» **Stored data entries**:
------

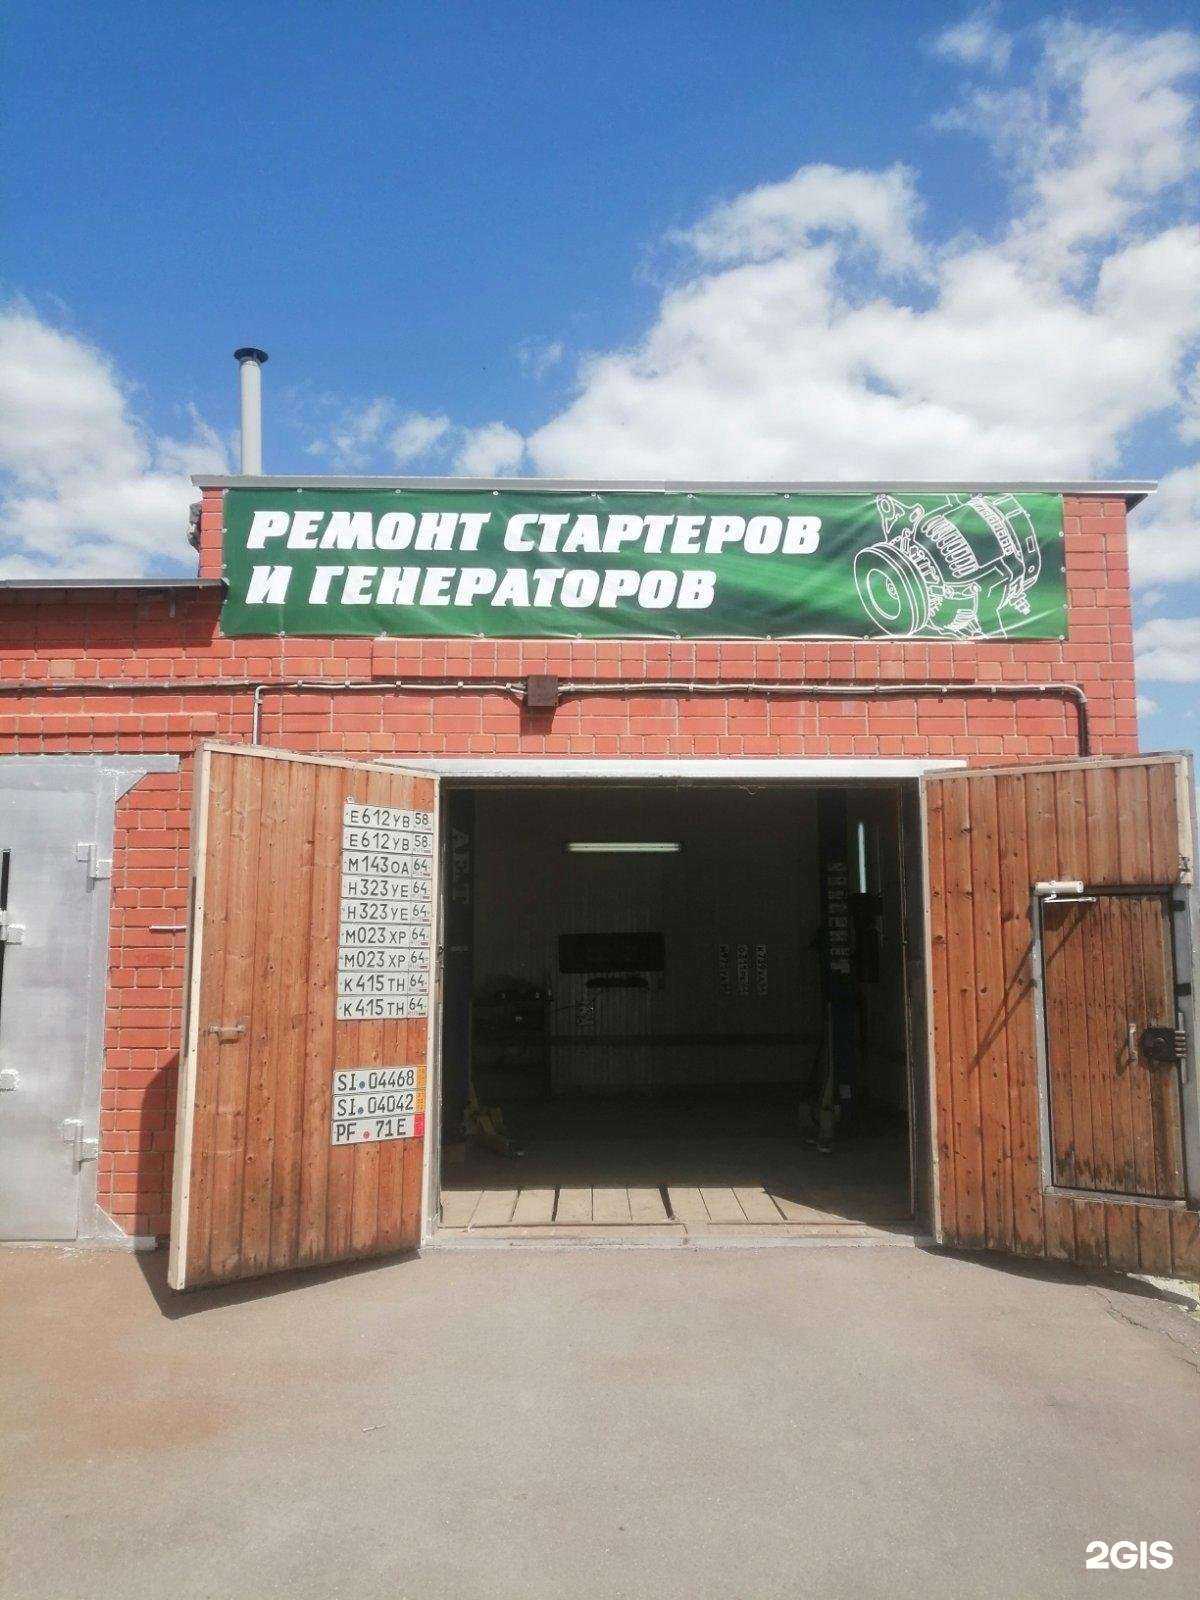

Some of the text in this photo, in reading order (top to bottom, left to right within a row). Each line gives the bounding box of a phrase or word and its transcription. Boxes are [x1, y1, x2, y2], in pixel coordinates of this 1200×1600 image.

[246, 510, 823, 555] РЕМОНТ СТАРТЕРОВ
[245, 565, 718, 609] И ГЕНЕРАТОРОВ
[368, 1069, 415, 1090] 04468
[367, 1093, 414, 1114] 04042
[336, 1118, 407, 1142] PF 71E

------

» **What to do**: Go through the data above and transcribe it in full, omitting any image.

» **Output**:
Some of the text in this photo, in reading order (top to bottom, left to right within a row). Each line gives the bounding box of a phrase or word and its transcription. Boxes are [x1, y1, x2, y2], in pixel coordinates of this 1200×1600 image.

[246, 510, 823, 555] РЕМОНТ СТАРТЕРОВ
[245, 565, 718, 609] И ГЕНЕРАТОРОВ
[368, 1069, 415, 1090] 04468
[367, 1093, 414, 1114] 04042
[336, 1118, 407, 1142] PF 71E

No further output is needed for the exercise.